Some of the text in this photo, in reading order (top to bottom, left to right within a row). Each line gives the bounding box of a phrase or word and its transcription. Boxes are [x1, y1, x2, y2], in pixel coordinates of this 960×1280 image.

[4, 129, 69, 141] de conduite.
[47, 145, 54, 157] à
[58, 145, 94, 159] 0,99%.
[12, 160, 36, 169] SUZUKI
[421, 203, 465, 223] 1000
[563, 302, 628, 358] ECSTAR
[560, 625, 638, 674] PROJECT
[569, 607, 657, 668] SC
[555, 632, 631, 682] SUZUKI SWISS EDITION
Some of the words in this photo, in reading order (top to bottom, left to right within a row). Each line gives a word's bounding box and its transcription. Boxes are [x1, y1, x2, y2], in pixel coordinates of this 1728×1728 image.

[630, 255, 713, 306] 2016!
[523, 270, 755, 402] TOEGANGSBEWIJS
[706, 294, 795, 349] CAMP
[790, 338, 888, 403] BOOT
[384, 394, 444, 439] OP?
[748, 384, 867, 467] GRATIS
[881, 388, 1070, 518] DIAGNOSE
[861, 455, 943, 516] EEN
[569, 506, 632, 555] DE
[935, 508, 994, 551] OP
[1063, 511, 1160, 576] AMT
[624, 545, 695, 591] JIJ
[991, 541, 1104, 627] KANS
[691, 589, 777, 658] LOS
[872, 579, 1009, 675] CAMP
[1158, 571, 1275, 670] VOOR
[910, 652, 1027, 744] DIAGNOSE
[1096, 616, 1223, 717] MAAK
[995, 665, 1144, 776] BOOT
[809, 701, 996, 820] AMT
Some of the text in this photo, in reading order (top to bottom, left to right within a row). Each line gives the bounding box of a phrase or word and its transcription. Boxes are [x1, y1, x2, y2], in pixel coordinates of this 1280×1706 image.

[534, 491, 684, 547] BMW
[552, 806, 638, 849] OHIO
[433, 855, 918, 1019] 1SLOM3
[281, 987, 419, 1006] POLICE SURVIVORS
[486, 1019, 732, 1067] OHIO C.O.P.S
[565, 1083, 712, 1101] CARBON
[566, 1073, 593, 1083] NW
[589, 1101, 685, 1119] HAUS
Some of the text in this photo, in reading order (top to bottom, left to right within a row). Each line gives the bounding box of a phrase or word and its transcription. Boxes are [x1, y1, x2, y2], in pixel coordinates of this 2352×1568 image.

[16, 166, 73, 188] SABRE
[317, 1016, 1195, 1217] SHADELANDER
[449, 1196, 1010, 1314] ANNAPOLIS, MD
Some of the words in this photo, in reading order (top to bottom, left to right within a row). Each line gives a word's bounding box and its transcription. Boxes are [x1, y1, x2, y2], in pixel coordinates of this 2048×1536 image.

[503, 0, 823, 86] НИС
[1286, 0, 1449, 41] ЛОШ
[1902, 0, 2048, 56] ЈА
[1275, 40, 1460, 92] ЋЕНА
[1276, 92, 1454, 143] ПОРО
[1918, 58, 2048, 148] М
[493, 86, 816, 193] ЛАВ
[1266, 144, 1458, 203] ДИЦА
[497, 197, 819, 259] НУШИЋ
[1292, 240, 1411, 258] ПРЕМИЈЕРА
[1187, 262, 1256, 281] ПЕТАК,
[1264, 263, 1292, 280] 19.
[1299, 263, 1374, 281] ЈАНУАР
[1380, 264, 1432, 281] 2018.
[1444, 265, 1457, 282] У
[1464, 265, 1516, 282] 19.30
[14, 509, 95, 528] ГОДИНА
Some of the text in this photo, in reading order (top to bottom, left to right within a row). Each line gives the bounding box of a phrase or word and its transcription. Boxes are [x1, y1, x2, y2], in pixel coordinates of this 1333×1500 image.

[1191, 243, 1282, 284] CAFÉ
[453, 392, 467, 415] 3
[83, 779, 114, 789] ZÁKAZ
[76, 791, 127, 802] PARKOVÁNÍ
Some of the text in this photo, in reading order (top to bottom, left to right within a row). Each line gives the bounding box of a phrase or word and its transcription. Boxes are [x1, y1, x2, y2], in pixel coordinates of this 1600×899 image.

Problem to work on:
Every line must be copied exactly as it stands above.

Result:
Some of the text in this photo, in reading order (top to bottom, left to right within a row). Each line gives the bounding box of a phrase or word and its transcription. Boxes are [x1, y1, x2, y2], in pixel coordinates of this 960×1280 image.

[4, 129, 69, 141] de conduite.
[47, 145, 54, 157] à
[58, 145, 94, 159] 0,99%.
[12, 160, 36, 169] SUZUKI
[421, 203, 465, 223] 1000
[563, 302, 628, 358] ECSTAR
[560, 625, 638, 674] PROJECT
[569, 607, 657, 668] SC
[555, 632, 631, 682] SUZUKI SWISS EDITION
Some of the words in this photo, in reading order (top to bottom, left to right within a row). Each line gives a word's bounding box and its transcription. Boxes are [x1, y1, x2, y2], in pixel coordinates of this 1728×1728 image.

[630, 255, 713, 306] 2016!
[523, 270, 755, 402] TOEGANGSBEWIJS
[706, 294, 795, 349] CAMP
[790, 338, 888, 403] BOOT
[384, 394, 444, 439] OP?
[748, 384, 867, 467] GRATIS
[881, 388, 1070, 518] DIAGNOSE
[861, 455, 943, 516] EEN
[569, 506, 632, 555] DE
[935, 508, 994, 551] OP
[1063, 511, 1160, 576] AMT
[624, 545, 695, 591] JIJ
[991, 541, 1104, 627] KANS
[691, 589, 777, 658] LOS
[872, 579, 1009, 675] CAMP
[1158, 571, 1275, 670] VOOR
[910, 652, 1027, 744] DIAGNOSE
[1096, 616, 1223, 717] MAAK
[995, 665, 1144, 776] BOOT
[809, 701, 996, 820] AMT
Some of the text in this photo, in reading order (top to bottom, left to right within a row). Each line gives the bounding box of a phrase or word and its transcription. Boxes are [x1, y1, x2, y2], in pixel coordinates of this 1280×1706 image.

[534, 491, 684, 547] BMW
[552, 806, 638, 849] OHIO
[433, 855, 918, 1019] 1SLOM3
[281, 987, 419, 1006] POLICE SURVIVORS
[486, 1019, 732, 1067] OHIO C.O.P.S
[565, 1083, 712, 1101] CARBON
[566, 1073, 593, 1083] NW
[589, 1101, 685, 1119] HAUS
Some of the text in this photo, in reading order (top to bottom, left to right within a row). Each line gives the bounding box of a phrase or word and its transcription. Boxes are [x1, y1, x2, y2], in pixel coordinates of this 2352×1568 image.

[16, 166, 73, 188] SABRE
[317, 1016, 1195, 1217] SHADELANDER
[449, 1196, 1010, 1314] ANNAPOLIS, MD
Some of the words in this photo, in reading order (top to bottom, left to right within a row). Each line gives a word's bounding box and its transcription. Boxes are [x1, y1, x2, y2], in pixel coordinates of this 2048×1536 image.

[503, 0, 823, 86] НИС
[1286, 0, 1449, 41] ЛОШ
[1902, 0, 2048, 56] ЈА
[1275, 40, 1460, 92] ЋЕНА
[1276, 92, 1454, 143] ПОРО
[1918, 58, 2048, 148] М
[493, 86, 816, 193] ЛАВ
[1266, 144, 1458, 203] ДИЦА
[497, 197, 819, 259] НУШИЋ
[1292, 240, 1411, 258] ПРЕМИЈЕРА
[1187, 262, 1256, 281] ПЕТАК,
[1264, 263, 1292, 280] 19.
[1299, 263, 1374, 281] ЈАНУАР
[1380, 264, 1432, 281] 2018.
[1444, 265, 1457, 282] У
[1464, 265, 1516, 282] 19.30
[14, 509, 95, 528] ГОДИНА
Some of the text in this photo, in reading order (top to bottom, left to right within a row). Each line gives the bounding box of a phrase or word and its transcription. Boxes are [x1, y1, x2, y2], in pixel coordinates of this 1333×1500 image.

[1191, 243, 1282, 284] CAFÉ
[453, 392, 467, 415] 3
[83, 779, 114, 789] ZÁKAZ
[76, 791, 127, 802] PARKOVÁNÍ
Some of the text in this photo, in reading order (top to bottom, left to right within a row). Each line gives the bounding box of a phrase or word and its transcription. Boxes are [x1, y1, x2, y2], in pixel coordinates of this 1600×899 image.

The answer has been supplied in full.